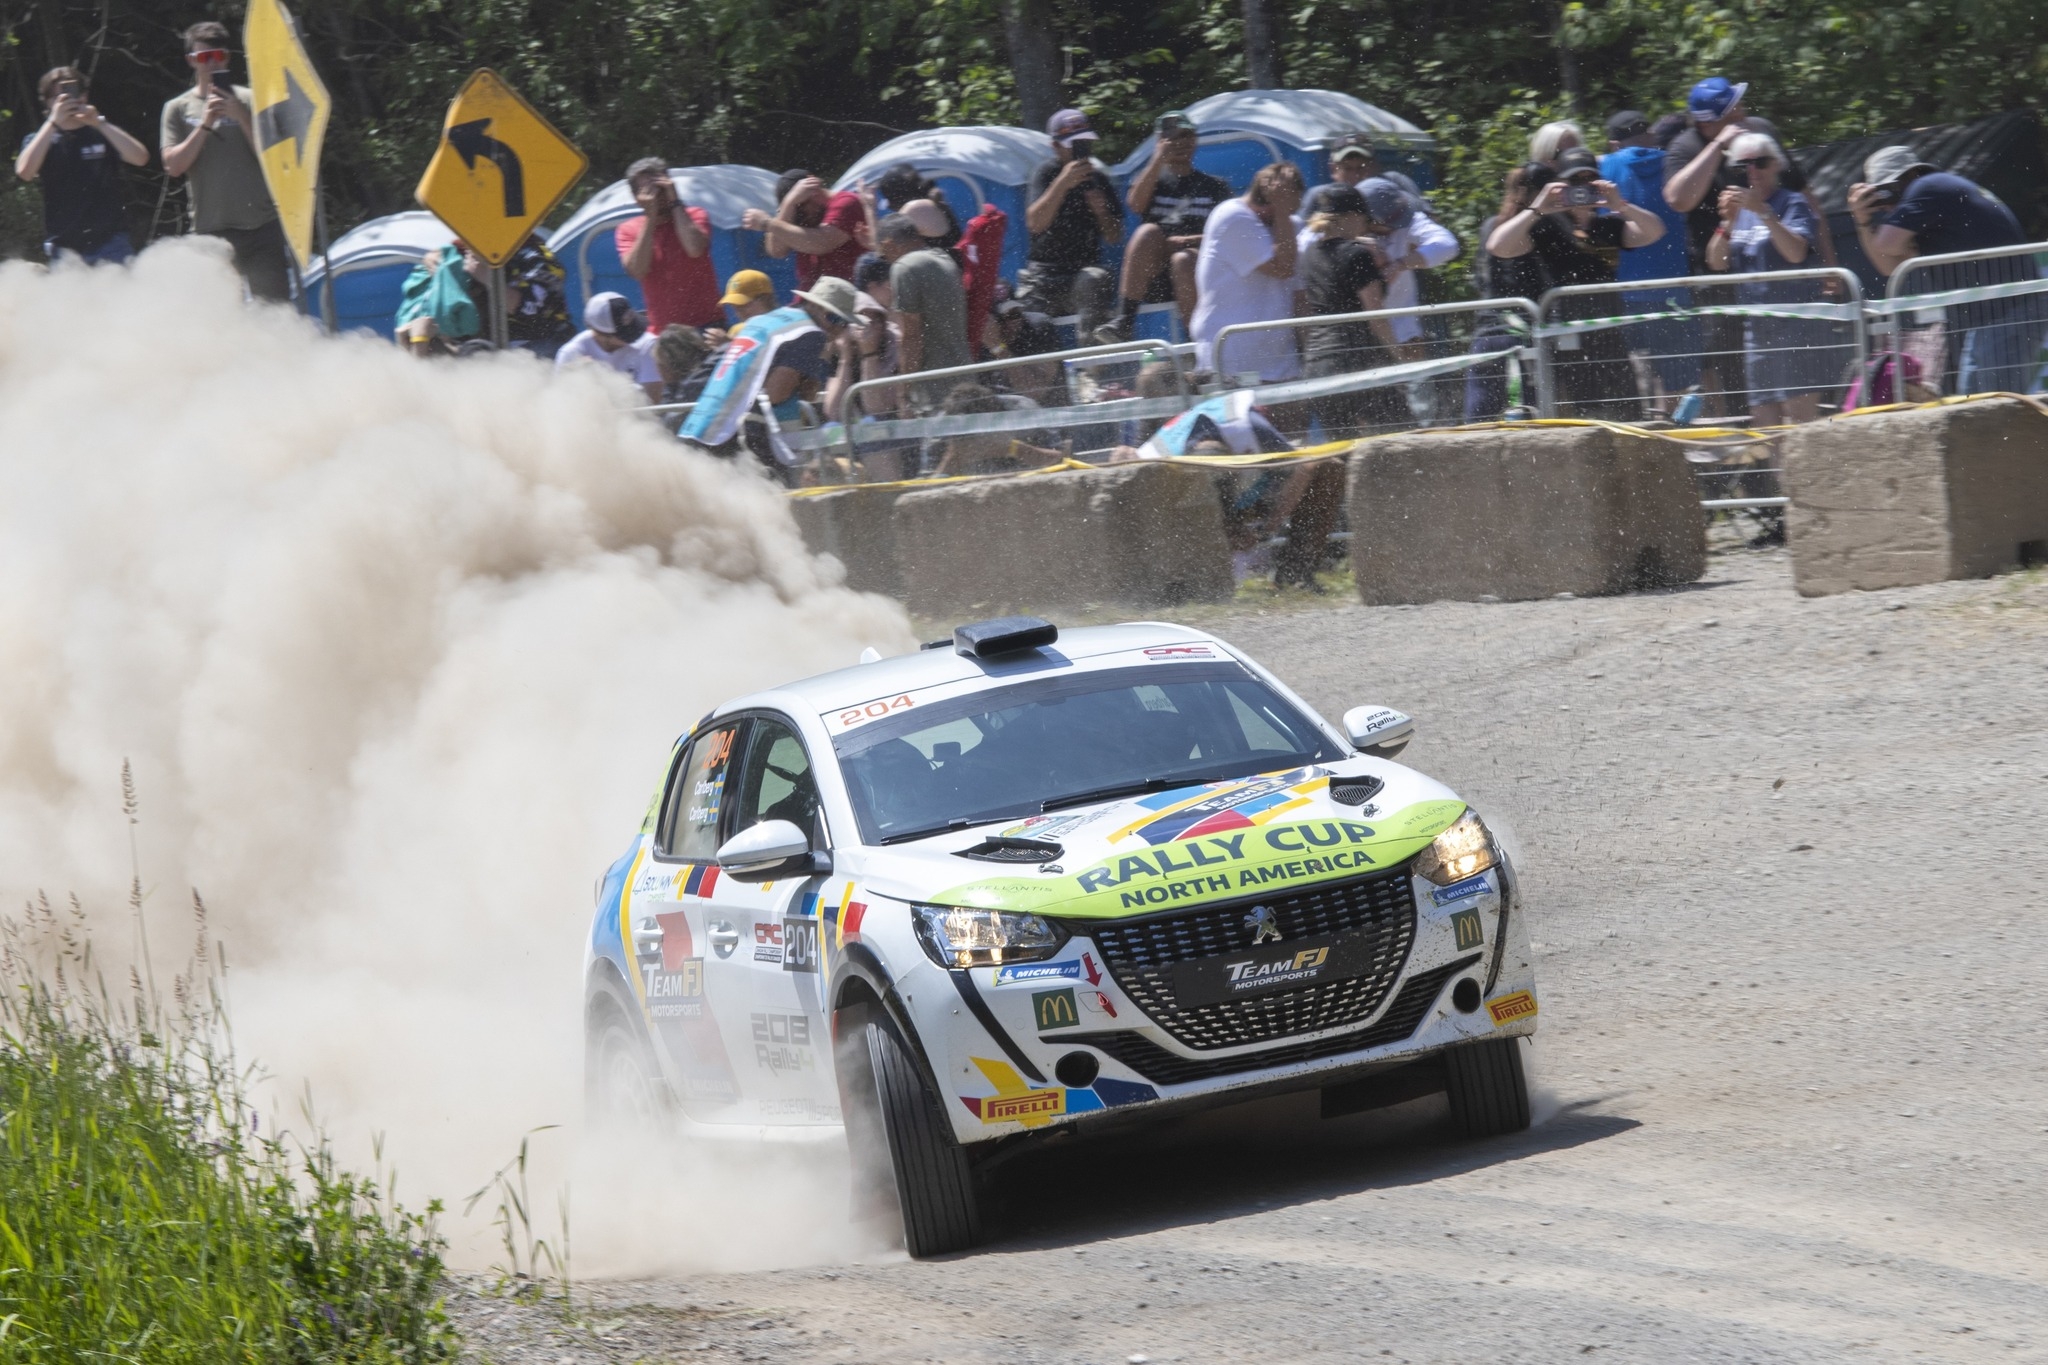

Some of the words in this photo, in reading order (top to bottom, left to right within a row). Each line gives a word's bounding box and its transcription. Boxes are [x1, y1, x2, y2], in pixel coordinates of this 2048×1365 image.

[840, 695, 914, 726] 204
[1366, 710, 1391, 721] 208
[703, 729, 736, 769] 204
[1404, 803, 1457, 825] STELLANTIS
[1076, 833, 1245, 893] RALLY
[1265, 822, 1376, 850] CUP
[966, 885, 1053, 893] STELLANTIS
[1120, 874, 1231, 908] NORTH
[1240, 850, 1376, 887] AMERICA
[1447, 882, 1488, 900] MICHELIN
[785, 924, 817, 966] 204
[1015, 966, 1079, 978] MICHELIN
[1235, 969, 1317, 990] MOTORSPORTS
[651, 1004, 701, 1017] MOTORSPORTS
[1490, 994, 1535, 1021] PIRELLI
[751, 1013, 810, 1045] 208
[987, 1092, 1059, 1118] PIRELLI

[WHAT IS EXPECTED] Produce the entries again, word for word, without any of their pictures.

[ANSWER BOX]
Some of the words in this photo, in reading order (top to bottom, left to right within a row). Each line gives a word's bounding box and its transcription. Boxes are [x1, y1, x2, y2], in pixel coordinates of this 2048×1365 image.

[840, 695, 914, 726] 204
[1366, 710, 1391, 721] 208
[703, 729, 736, 769] 204
[1404, 803, 1457, 825] STELLANTIS
[1076, 833, 1245, 893] RALLY
[1265, 822, 1376, 850] CUP
[966, 885, 1053, 893] STELLANTIS
[1120, 874, 1231, 908] NORTH
[1240, 850, 1376, 887] AMERICA
[1447, 882, 1488, 900] MICHELIN
[785, 924, 817, 966] 204
[1015, 966, 1079, 978] MICHELIN
[1235, 969, 1317, 990] MOTORSPORTS
[651, 1004, 701, 1017] MOTORSPORTS
[1490, 994, 1535, 1021] PIRELLI
[751, 1013, 810, 1045] 208
[987, 1092, 1059, 1118] PIRELLI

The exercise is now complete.